WASHINGTON -- In his Friday op-ed in The New York Times, titled "My State Needs Obamacare, Now," Kentucky's Democratic Gov. Steve Beshear said he had a simple message for Republicans who don't like the law: "Get over it."
"Frankly, we can't implement the Affordable Care Act fast enough," Beshear wrote. "As for naysayers, I'm offended by their partisan gamesmanship, as they continue to pour time, money and energy into overturning or defunding the Affordable Care Act. It's shameful that these critics haven't invested that same level of energy into trying to improve the health of our citizens. ... So, to those more worried about political power than Kentucky's families, I say, 'Get over it.'"
Of course, Beshear comes from the rarefied perch of a popular two-term governor in a fairly red state. He also has practice defending the health care law, having poured millions into the effort with marketing and branding campaigns. And he commissioned an economic study that projected that the ACA would create at least 17,000 jobs.
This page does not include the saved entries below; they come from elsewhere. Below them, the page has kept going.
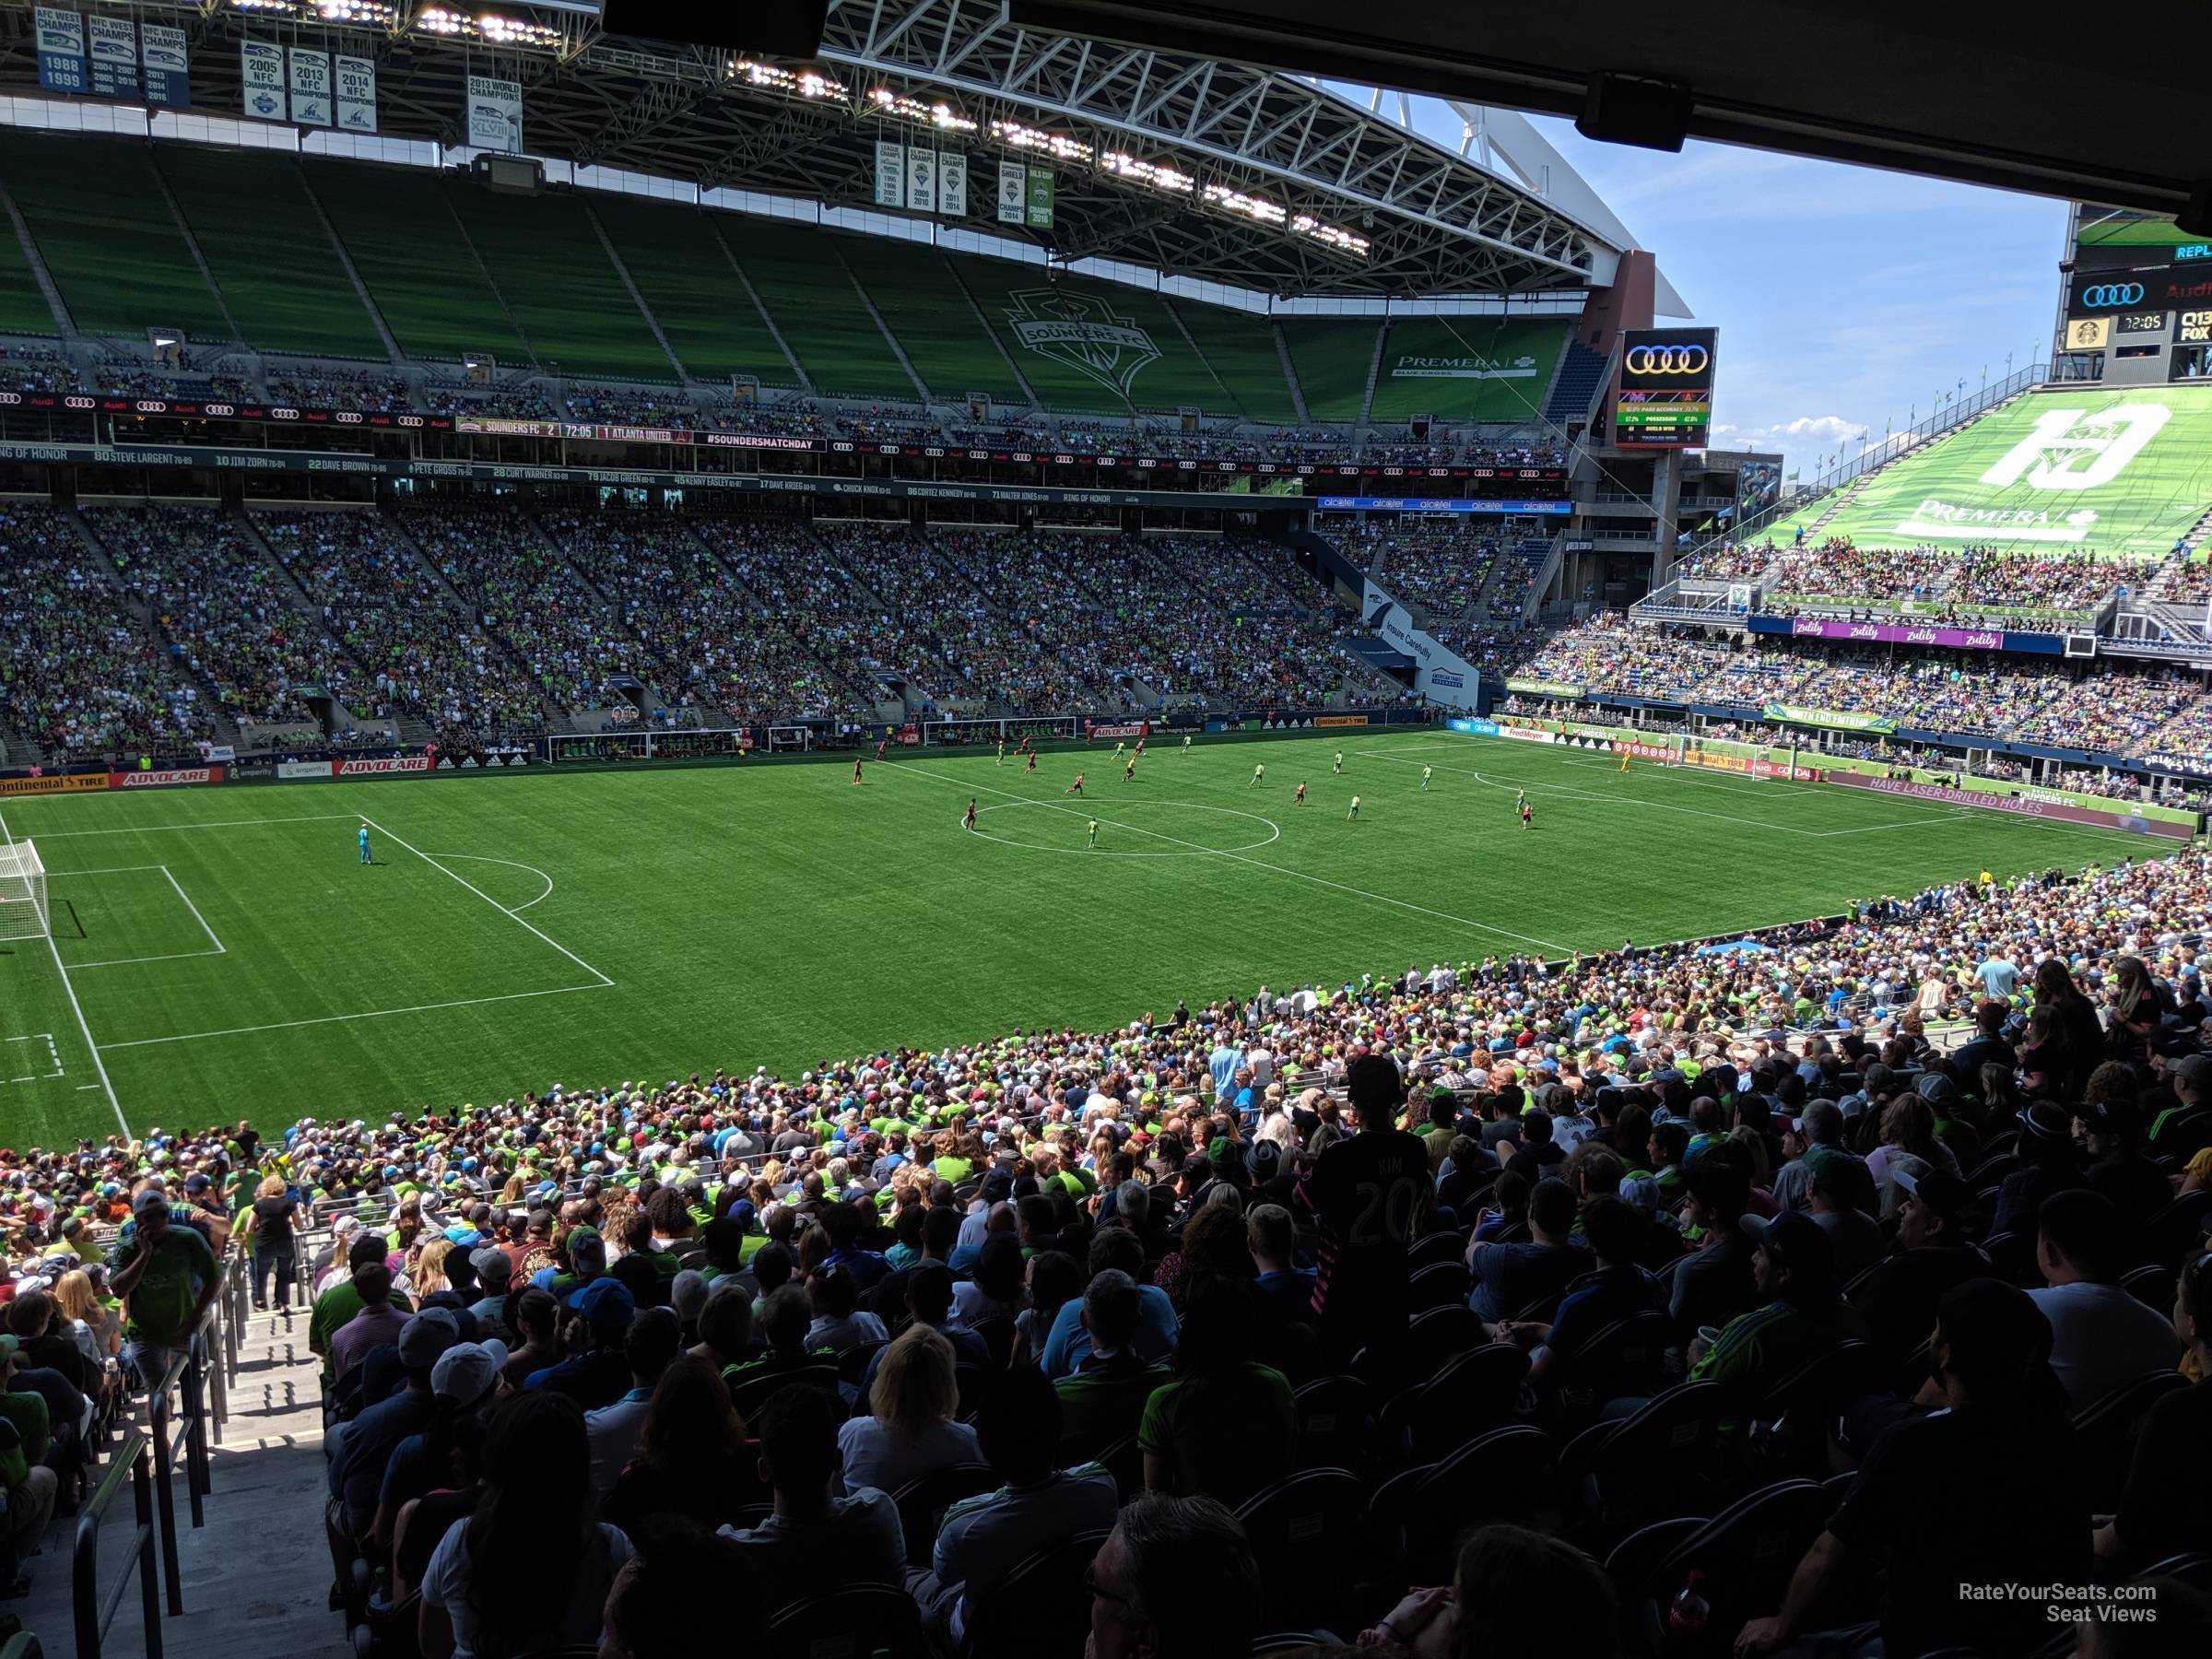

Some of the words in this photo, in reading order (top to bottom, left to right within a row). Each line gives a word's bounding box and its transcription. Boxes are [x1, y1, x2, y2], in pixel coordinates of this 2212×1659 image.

[38, 9, 53, 18] AFC
[55, 11, 79, 23] WEST
[38, 19, 81, 34] CHAMPS
[92, 18, 107, 28] NFC
[110, 20, 133, 31] WEST
[92, 27, 134, 42] CHAMPS
[143, 26, 159, 36] NFC
[161, 29, 184, 40] WEST
[144, 35, 184, 51] CHAMPS
[46, 57, 79, 72] 1988
[249, 59, 276, 74] 2005
[47, 72, 80, 87] 1999
[147, 70, 165, 79] 2013
[253, 72, 274, 83] NFC
[296, 66, 324, 81] 2013
[148, 81, 166, 90] 2014
[244, 80, 285, 93] CHAMPIONS
[300, 79, 321, 90] NFC
[342, 74, 369, 88] 2014
[470, 77, 490, 89] 2013
[491, 81, 520, 93] WORLD
[291, 88, 331, 100] CHAMPIONS
[347, 87, 366, 97] NFC
[470, 87, 520, 102] CHAMPIONS
[337, 95, 376, 107] CHAMPIONS
[471, 120, 508, 136] XLVIII
[910, 154, 934, 164] CHAMPS
[941, 159, 965, 169] CHAMPS
[1001, 170, 1024, 180] SHIELD
[999, 204, 1024, 213] CHAMPS
[1026, 328, 1118, 342] SOUNDERS
[1121, 334, 1146, 347] FC
[2181, 327, 2211, 341] FOX
[1397, 356, 1501, 369] PREMERA
[29, 397, 54, 406] Audi
[103, 401, 128, 410] Audi
[174, 405, 197, 414] Audi
[307, 412, 328, 421] Audi
[369, 416, 390, 425] Audi
[429, 419, 450, 429] Audi
[486, 420, 528, 434] SOUNDERS
[529, 423, 540, 434] FC
[547, 425, 554, 436] 2
[565, 425, 592, 438] 72:05
[604, 428, 609, 439] 1
[612, 428, 644, 441] ATLANTA
[645, 429, 671, 441] UNITED
[707, 434, 813, 450] #SOUNDERSMATCHDAY
[16, 448, 29, 459] OF
[31, 449, 68, 460] HONOR
[94, 451, 111, 461] 80
[110, 452, 136, 462] STEVE
[137, 453, 173, 465] LARGENT
[215, 455, 229, 465] 10
[229, 456, 246, 467] JIM
[247, 457, 269, 468] ZORN
[308, 460, 323, 469] 22
[323, 461, 341, 471] DAVE
[342, 462, 370, 472] BROWN
[415, 465, 432, 475] PETE
[433, 465, 457, 475] GROSS
[493, 468, 506, 477] 28
[506, 468, 524, 478] CURT
[524, 469, 553, 479] WARNER
[588, 472, 599, 481] 79
[599, 473, 619, 483] JACOB
[620, 474, 641, 483] GREEN
[675, 476, 686, 485] 45
[686, 477, 706, 487] KENNY
[707, 477, 729, 488] EASLEY
[759, 479, 769, 488] 17
[769, 480, 784, 490] DAVE
[784, 481, 804, 491] KRIEG
[842, 484, 863, 493] CHUCK
[863, 485, 879, 494] KNOX
[907, 487, 918, 496] 96
[917, 488, 938, 497] CORTEZ
[938, 488, 964, 498] KENNEDY
[992, 490, 1001, 500] 71
[1000, 491, 1021, 500] WALTER
[1021, 492, 1038, 500] JONES
[1064, 493, 1080, 502] RING
[1080, 494, 1088, 502] OF
[1089, 494, 1112, 503] HONOR
[1324, 498, 1355, 507] alcatel
[1372, 499, 1404, 508] alcatel
[1419, 500, 1452, 509] alcatel
[1471, 501, 1503, 510] alcatel
[1523, 502, 1556, 511] alcatel
[1911, 500, 2052, 524] PREMERA
[1386, 619, 1405, 641] Insure
[1405, 634, 1431, 662] Carefully
[1315, 715, 1348, 727] Continental
[1817, 713, 1830, 723] END
[1094, 725, 1141, 737] ADVOCARE
[295, 765, 326, 774] amperity
[341, 757, 429, 775] ADVOCARE
[123, 768, 209, 786] ADVOCARE
[241, 768, 272, 778] amperity
[76, 776, 105, 786] TIRE
[1870, 777, 1900, 791] HAVE
[1903, 782, 1997, 807] LASER-DRILLED
[1999, 795, 2045, 815] HOLES
[1379, 1157, 1403, 1174] KIM
[1349, 1177, 1418, 1244] 20
President Obama even used Kentucky to illustrate a point about the ACA; feedback during the promotion of Kentucky's health benefits exchange, Kynect, had been so positive that some Kentuckians didn't even know it was the state's implementation of the federal law.
But you don't have to be a powerful governor to win the Obamacare debate. Kentucky officials and outreach workers have been everywhere -- the state fair, minor league ballgames, community meetings in libraries -- pitching Kynect. It's starting to feel like a Vegas act; on some days, health department workers will be doing four events. Here, they explain what they've experienced pitching the new law to skeptical residents, and what it takes to win over converts.
Don't call it Obamacare. Erin Hoben, an outreach worker with Kentucky Voices for Health, a coalition pressing for affordable and effective health care, has traveled all over the state explaining the new law to both health care workers and the state's most vulnerable residents. "I don't say Obamacare," Hoben says. "I don't ever use the term. I think if you don't call it the Affordable Care Act then you would be doing a disservice to Kentuckians."
"I don't want to be confrontational from the get-go," she explains. "If you use that term, the walls automatically go up."
Dispensing with the controversial nickname means you can get to what's actually in the legislation, explains Cara Stewart, a health law fellow and attorney with the Kentucky Equal Justice Center. "No one is very angry once they find out about the law," says Stewart, who has also done outreach in every corner of the state. "I don't even say ACA. I say health care coverage and health options."
You have to become a myth-buster. The advocates and state officials interviewed by The Huffington Post all brought up examples of residents who lacked information. Abramson, the lieutenant governor, says some still pepper him with basic questions, such as where can they find Kynect.
The state set up a call center in mid-August. In the first six weeks, as of Sept. 29, they have received 7,487 calls, with the number of calls growing rapidly by the week, according to Gwenda Bond, assistant communications director with the Cabinet for Health and Family Services. In the last full week they answered more more than 1,000 calls. The top five questions fielded by the call takers include basics like "What is the Affordable Care Act?" and "Will I be covered with a preexisting condition?"
Stewart gets these questions regularly. She says one Kentuckian called her an "angel" after she explained that he could get coverage, even with his old ailments.
Democratic state Rep. Jimmie Lee (Hardin) says the people he hears from mostly have a lot of uncertainty about the coming changes. "I think fear is 90 percent of our problem right now," he says. "The fear of the unknown ... Most of the people that have called me have insurance. They have it now and they are worried they won't be able to keep it."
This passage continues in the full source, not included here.